Faculty of Medicine, Institute of Epidemiology and Medical Biometry, University of Ulm, Ulm, 89081, Germany.
Pediatr Diabetes. 2013 Dec;14(8):562-74. doi: 10.1111/pedi.12043. Epub 2013 Apr 30.
To characterize the clinical and immunological features of HLA-typed youth with pediatric onset of type 2 diabetes mellitus (T2DM).
One hundred and seven patients with clinically diagnosed T2DM (aged ≤20 yr at diagnosis) were examined. DNA and serum, obtained after a median diabetes duration of 2.2 (Q1-Q3: 0.8-4.6) yr, were used for centralized HLA-typing and autoantibody (GADA, IA-2A, ZnT8A) measurements.
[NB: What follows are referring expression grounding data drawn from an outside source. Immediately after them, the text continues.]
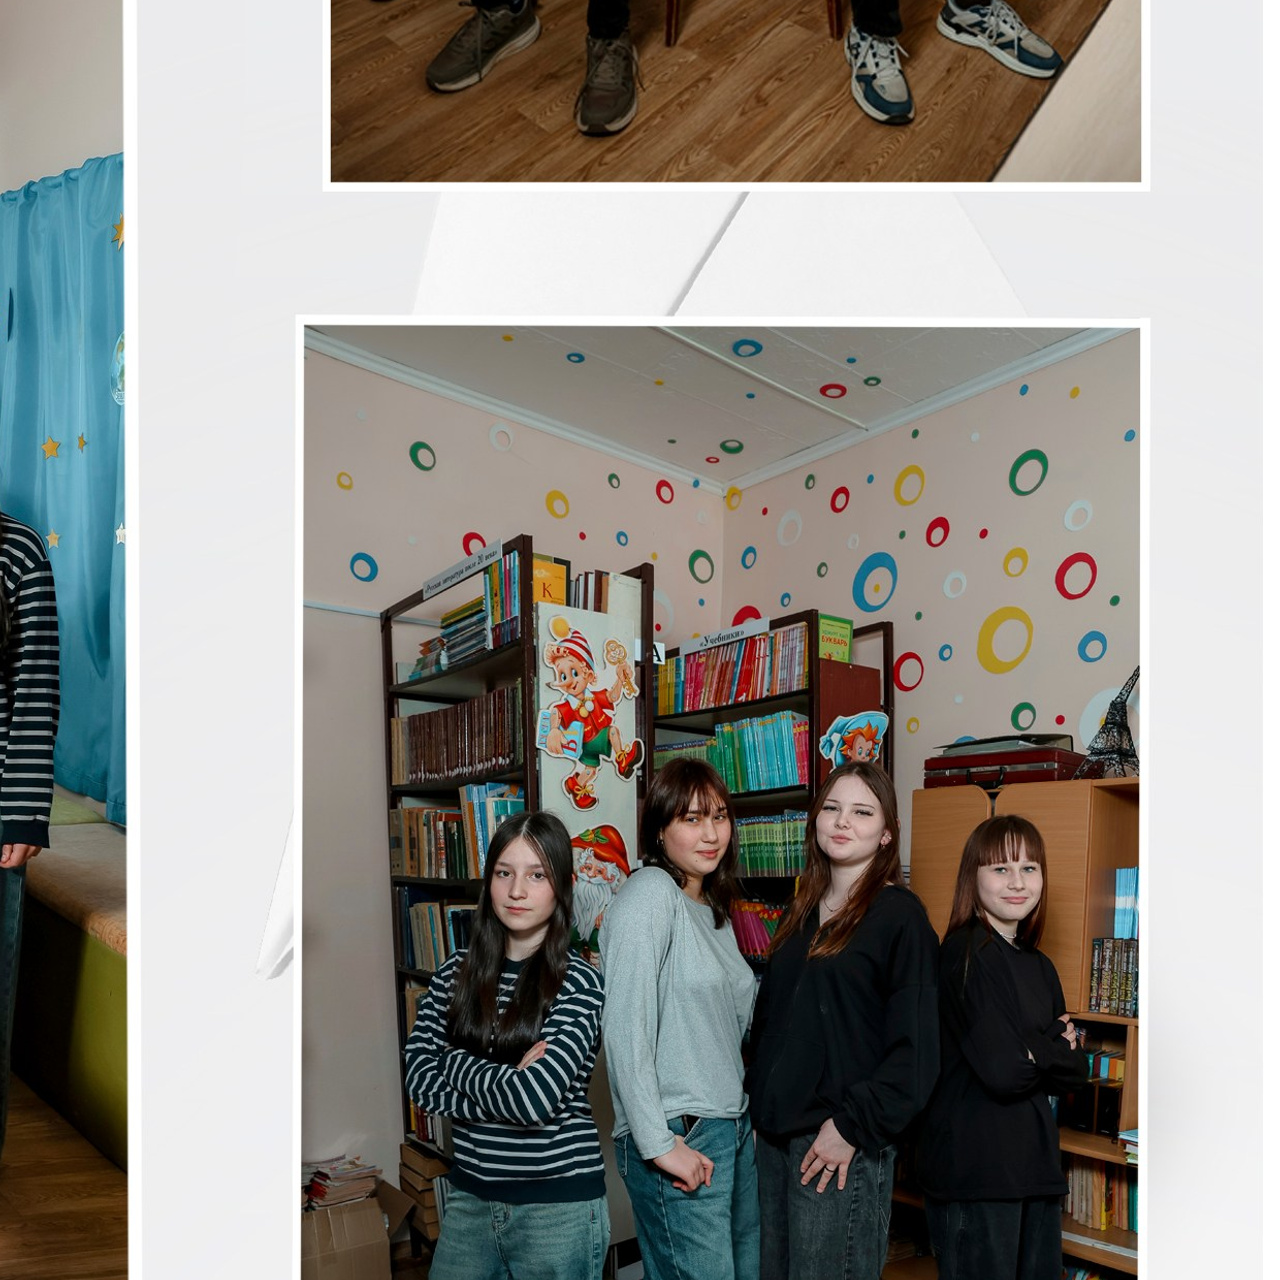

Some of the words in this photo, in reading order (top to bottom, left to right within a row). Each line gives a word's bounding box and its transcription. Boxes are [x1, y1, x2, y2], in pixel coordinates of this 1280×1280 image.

[542, 582, 553, 599] К
[700, 629, 745, 648] «Учебники»
[821, 634, 848, 647] БУКВАРЬ
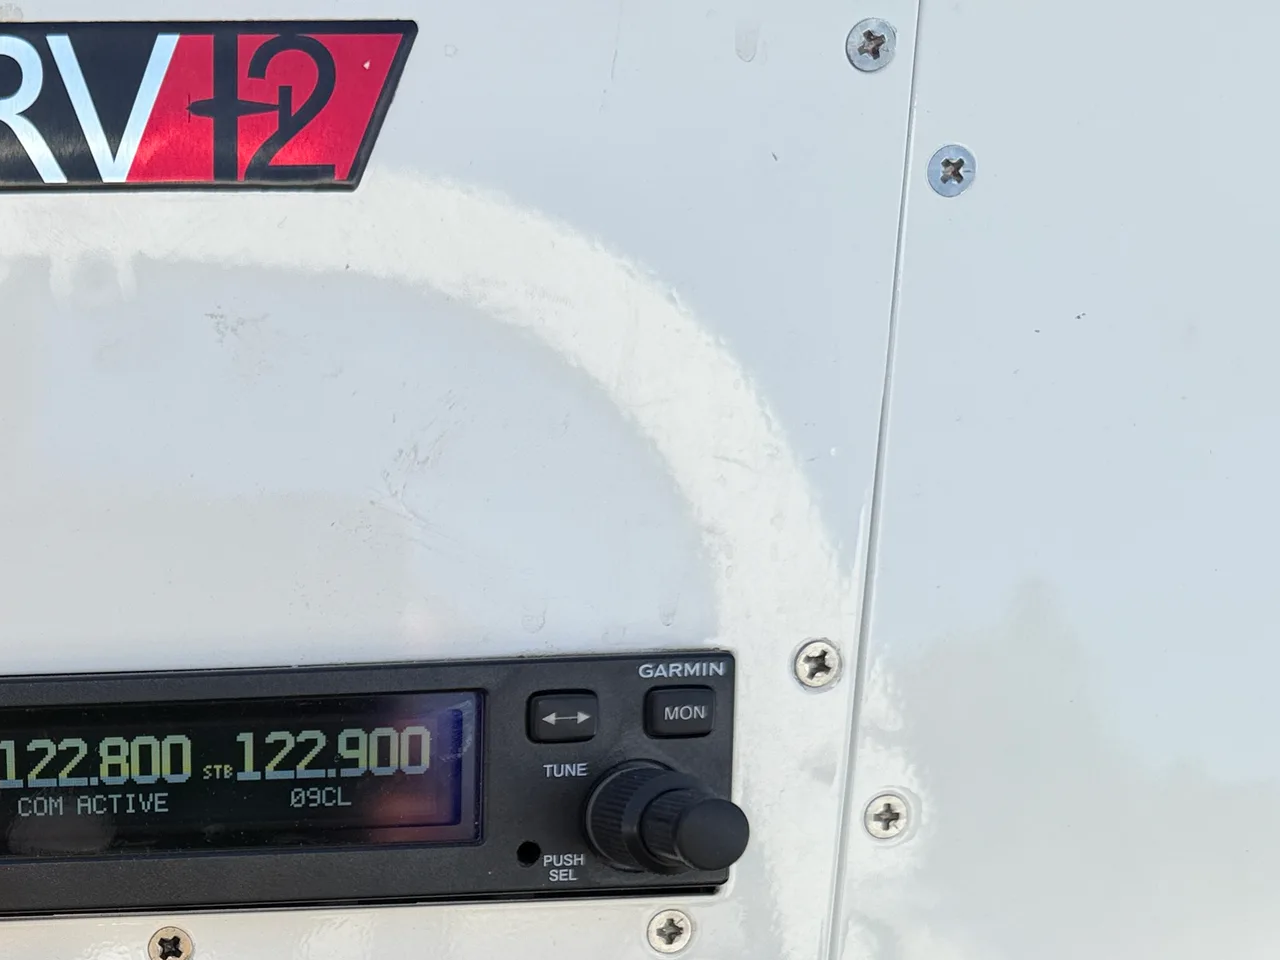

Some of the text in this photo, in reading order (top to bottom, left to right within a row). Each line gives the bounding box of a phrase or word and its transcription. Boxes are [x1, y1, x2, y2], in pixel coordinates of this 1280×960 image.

[638, 662, 725, 678] GARMIN
[664, 705, 705, 720] MON
[203, 726, 431, 781] STB 122.900
[543, 763, 588, 778] TUNE
[18, 792, 169, 816] COM ACTIVE
[543, 854, 584, 867] PUSH
[549, 869, 577, 882] SEL
64.6% of patients were female and median age at diagnosis was 13.8 (Q1-Q3: 11.6-15.4) yr. Patients were obese [median body mass index-standard deviation score (BMI-SDS): 2.6 (2.0-3.1)], 88.0% had a family history of diabetes and 40.2% a migration background. Islet autoantibodies were detected in 16 (15.0%), among which 7 (6.5%) had multiple islet autoantibodies. Autoantibody positive patients had poorer metabolic control than autoantibody negative patients [glycosylated hemoglobin A1c (HbA1c): 8.1 (6.9-10.1) % vs. 6.6 (5.9-8.0) %; p = 0.033], while patients with HLA-DR genetic risk had higher BMI-SDS than those with HLA-DRXX [2.6 (2.4-3.7) vs. 2.4 (1.7-2.9); p = 0.007]. Metabolic syndrome (61.7%), microalbuminuria (13.4%), and retinopathy (3.9%) were diagnosed. Therapies used were lifestyle only (35.5%), oral anti-diabetics (OAD) only (43.3 %), insulin + OAD (15.9%) and insulin only (5.6%). Patients with β-cell autoimmunity or HLA-DR genetic risk more frequently used insulin than confirmed T2DM patients (50.0 vs. 22.0%; p = 0.037) and less often had diabetic relatives (61.1 vs. 86.0%; p = 0.030).
T2DM was confirmed in about 90% of patients while about 10% with β-cell autoimmunity or HLA-DR genetic risk likely had either T1.5DM or 'double diabetes' or an unknown diabetes type.
描述 HLA 分型的儿科起病 2 型糖尿病(T2DM)青年患者的临床和免疫学特征。
对 107 例临床诊断为 T2DM 的患者(诊断时年龄≤20 岁)进行检查。在中位糖尿病病程为 2.2 年(Q1-Q3:0.8-4.6 年)后,获得 DNA 和血清,用于集中 HLA 分型和自身抗体(GADA、IA-2A、ZnT8A)测量。
64.6%的患者为女性,诊断时的中位年龄为 13.8 岁(Q1-Q3:11.6-15.4 岁)。患者肥胖[中位体质指数标准差评分(BMI-SDS):2.6(2.0-3.1)],88.0%有糖尿病家族史,40.2%有移民背景。16 例(15.0%)检测到胰岛自身抗体,其中 7 例(6.5%)有多种胰岛自身抗体。自身抗体阳性患者的代谢控制较自身抗体阴性患者差[糖化血红蛋白 A1c(HbA1c):8.1%(6.9-10.1%)比 6.6%(5.9-8.0%);p=0.033],而具有 HLA-DR 遗传风险的患者 BMI-SDS 高于 HLA-DRXX 患者[2.6(2.4-3.7)比 2.4(1.7-2.9);p=0.007]。诊断出代谢综合征(61.7%)、微量白蛋白尿(13.4%)和视网膜病变(3.9%)。使用的治疗方法有仅生活方式治疗(35.5%)、仅口服降糖药(OAD)(43.3%)、胰岛素+OAD(15.9%)和仅胰岛素(5.6%)。有β细胞自身免疫或 HLA-DR 遗传风险的患者比确诊的 T2DM 患者更常使用胰岛素(50.0%比 22.0%;p=0.037),且有糖尿病亲属的比例较低(61.1%比 86.0%;p=0.030)。
约 90%的患者被确诊为 T2DM,而约 10%有β细胞自身免疫或 HLA-DR 遗传风险的患者可能患有 T1.5DM 或“双重糖尿病”或未知类型的糖尿病。